Note: While authors are asked to place warnings on their stories for some moderated content, everyone has different thresholds, and it is your responsibility as a reader to avoid stories or stop reading if something bothers you.
True As It Can Be - 6. Chapter 6
Waking up in a dark room with the sounds of a crying man near me isn’t exactly how I imagined things would be like in college. As I sit watching him convulse and sob, Brad’s pride and his arrogance is nowhere to be seen. It feels wrong somehow to see this lion of a man so vulnerable. I want to hold him, want to hug him, and hell, I would give him an inexperienced blowjob if it stops those sobs. He admitted to me last night he wants me and I know I want him. Yet, I know neither of us would be happy if something starts from pity sex.
I’ve met a few closeted guys in Minnesota, who promised me the moon if we had sex.
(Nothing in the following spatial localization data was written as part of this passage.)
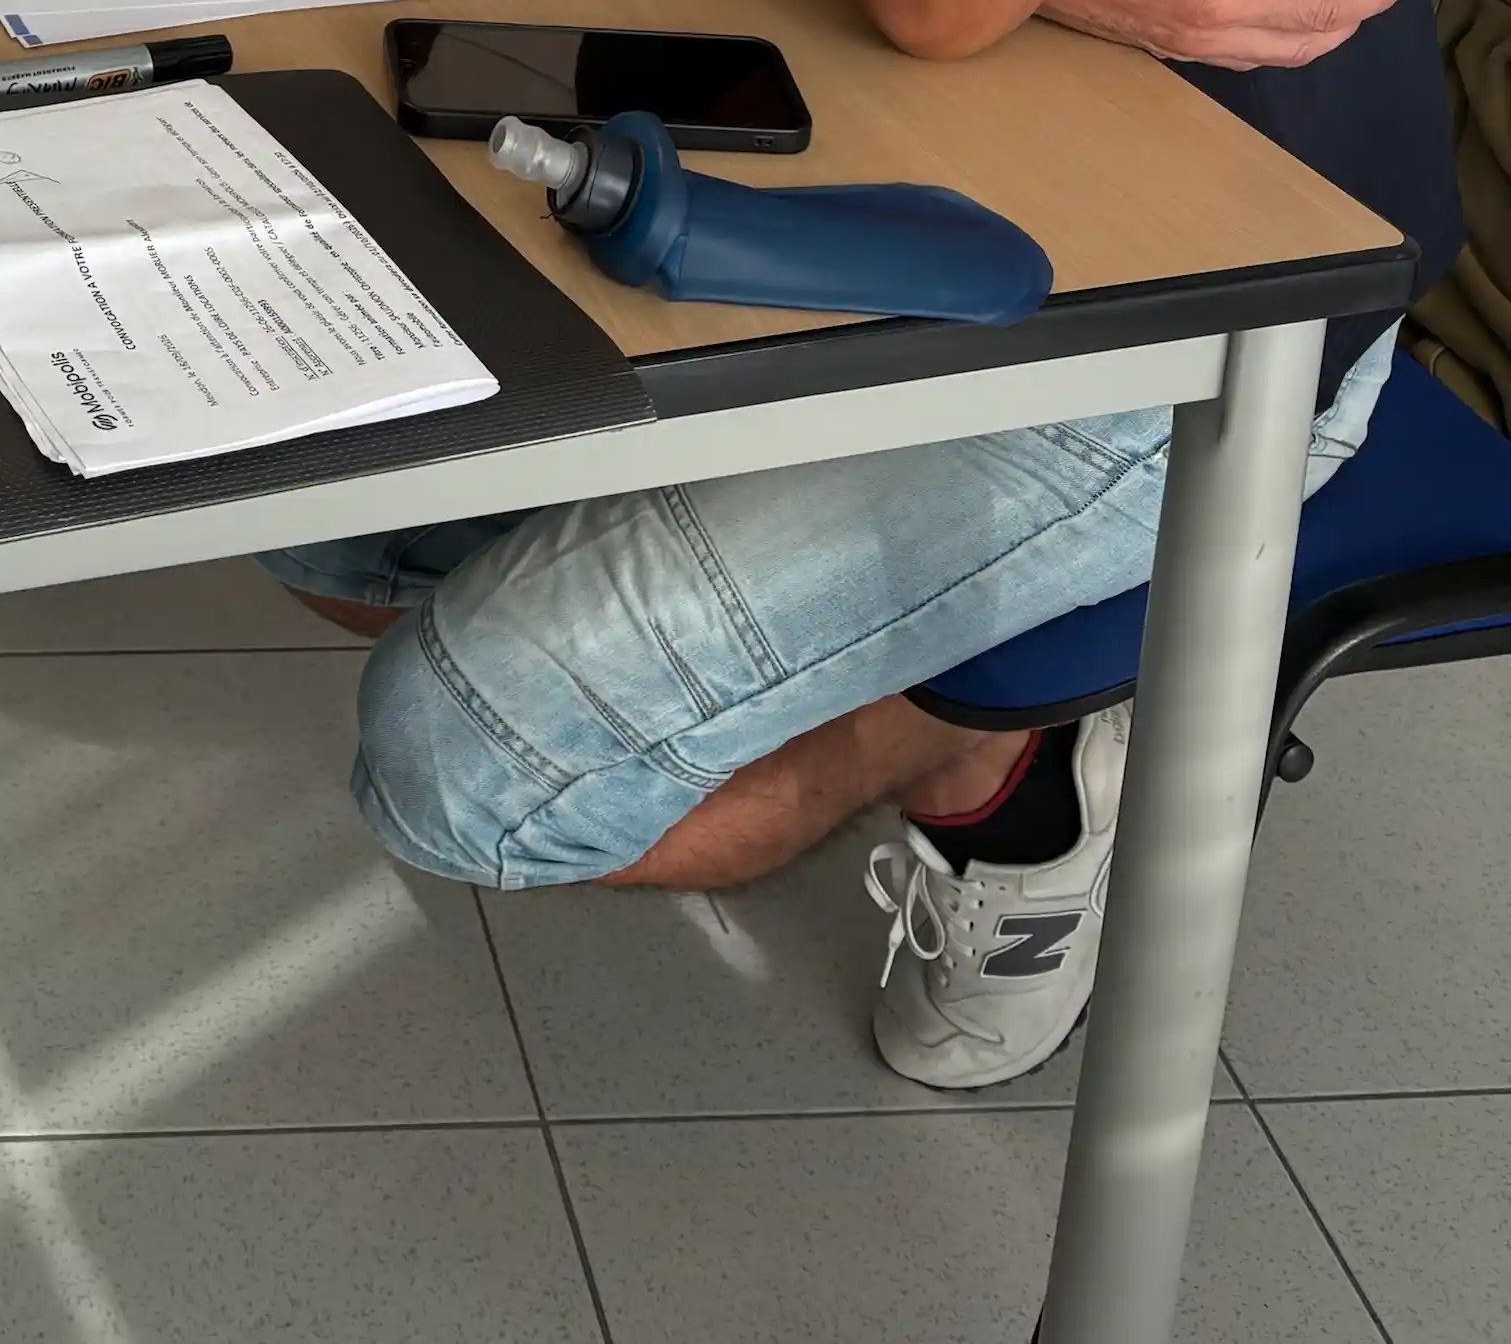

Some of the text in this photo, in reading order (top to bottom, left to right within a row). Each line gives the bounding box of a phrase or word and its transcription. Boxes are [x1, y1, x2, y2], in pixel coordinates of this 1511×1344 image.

[88, 70, 130, 91] BIC
[69, 244, 95, 280] VOTRE
[144, 244, 173, 279] MORLIER
[84, 280, 99, 289] A
[165, 279, 194, 312] Monsieur
[182, 273, 217, 312] LOCATIONS
[89, 288, 138, 350] CONVOCATION
[186, 311, 202, 321] de
[209, 312, 232, 331] LOIRE
[224, 329, 241, 341] DE
[231, 339, 253, 356] PAYS
[370, 323, 407, 355] Formation
[366, 345, 387, 360] Titre
[43, 349, 110, 414] Mobipolis
[221, 357, 261, 396] Convocation
It was mostly jerk-off sessions, but there was Jeremy, a big muscled 19-year-old farm boy with wild blond hair like Brad, who wanted me to suck him off and fuck me in a shed. He treated me like shit after sex, he denied he was gay or bi, then threatened me with bodily harm if I ever revealed what we did together. We had sex 4 times like that, each with the same result. Sadly, I was desperate enough each time to believe he meant the stuff leading up to it, like “I want you” or even “I love you” before we went into the shed in the back of his farmhouse. He never even reciprocated, except with a few quick tugs at my big dick that offered no release. I learned from those experiences that sex is just what others want from me, they don’t care what I want.
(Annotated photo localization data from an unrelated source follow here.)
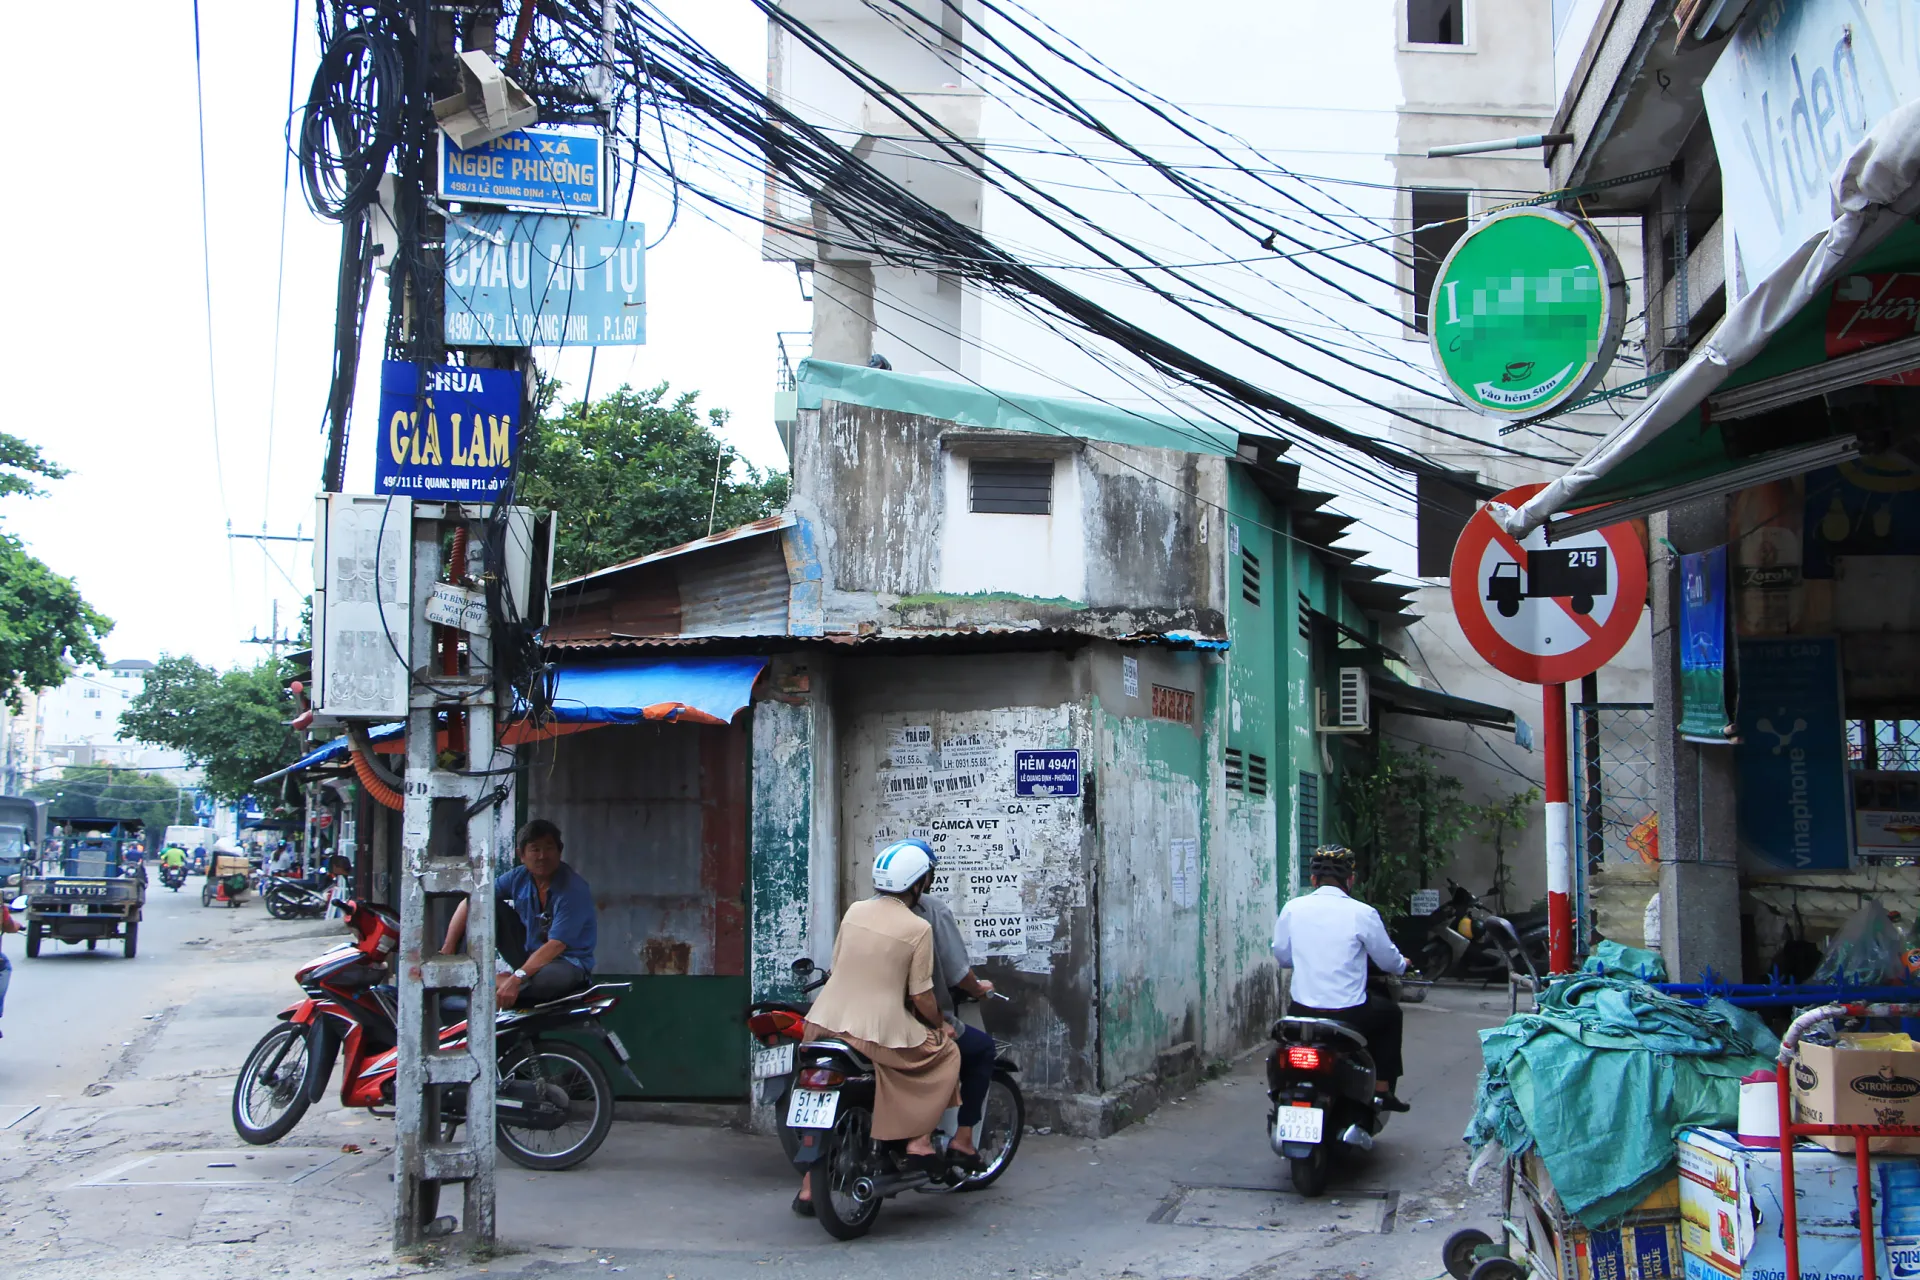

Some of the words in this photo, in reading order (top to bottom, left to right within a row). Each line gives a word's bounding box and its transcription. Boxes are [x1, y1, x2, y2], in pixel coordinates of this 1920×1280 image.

[539, 139, 571, 155] XÁ
[1741, 37, 1866, 237] Video
[449, 152, 504, 181] NGỌC
[512, 157, 594, 186] PHƯƠNG
[450, 181, 477, 193] 498/1
[493, 185, 521, 197] QUANG
[449, 229, 530, 290] CHÂU
[547, 244, 586, 291] AN
[599, 239, 641, 303] TỰ
[505, 308, 519, 340] LÊ
[522, 314, 559, 344] QUANG
[425, 367, 484, 393] CHÙA
[1481, 388, 1501, 401] vào
[1532, 380, 1556, 397] 50m
[390, 398, 443, 466] GIÀ
[451, 413, 511, 468] LAM
[1019, 755, 1045, 770] HẺM
[1048, 758, 1076, 770] 494/1
[1788, 747, 1814, 867] vinaphone
[970, 875, 993, 884] CHO
[996, 874, 1018, 883] VAY
[974, 918, 997, 927] CHO
[999, 917, 1021, 926] VAY
[999, 925, 1022, 937] GÓP
[1859, 1081, 1918, 1093] STRONGBOW
Still, I want Brad to know I care about his pain. I touch his brow in the middle of his crying. He seems to calm down slightly with my touch.
His voice hoarsely responds to the touch, “I fucked up, guys. I shouldn’t have pushed you that far. Gary, he told me we could be kings together, ride life to the top,” he stares at an empty corner of the room, “Francis, I pushed you hardest of all, because I knew…I know how you feel about me. I don’t feel that way towards you, bro, but I needed your strength and body. I needed to win to prove to everyone who doubted me that I could be just as good as my parents. Forgive me...”
I want to tell Brad he’s forgiven, but I can’t do that. Francis and him have a history that they have to resolve on their own, but I could be here for him now as I am. He talks to a few more people, who did not exist in the room. Several former teammates, a few teachers, a coach, his parents, and even his pet Labrador retriever, Cam. Then, his skin starts heating up. He starts to sweat a lot. His tears subside, but something else is growing in him.
Brad spoke with fury and anger unlike anything I’ve ever seen or heard from him so far, I retract my hand from his forehead as he speaks.
“Gary, you bastard, I loved you. I made you. Why did you betray me! Why!”, he pauses for several minutes, “That’s not how it went, I never taught you to be a cunt. I just showed you how to win, how to be on top. You did this to me for your own benefit,” another pause, Brad’s voice begins to quake “Fuck you, I…loved you, you were supposed to love me back. We grew up together. We had sex. I shared everything with you, wasn’t that enough.”
The door to the room opens and Cook stands at the doorway, he motions me to leave Brad’s side. We walk out of the dark gloomy room. I turn my head before the door is shut to glance at Brad, he’s beginning to cry again.
Cook asks me, “Do you care about him?”
I stare at Cook and nod, “I think it’s just a friend thing, I don’t like seeing him in pain.”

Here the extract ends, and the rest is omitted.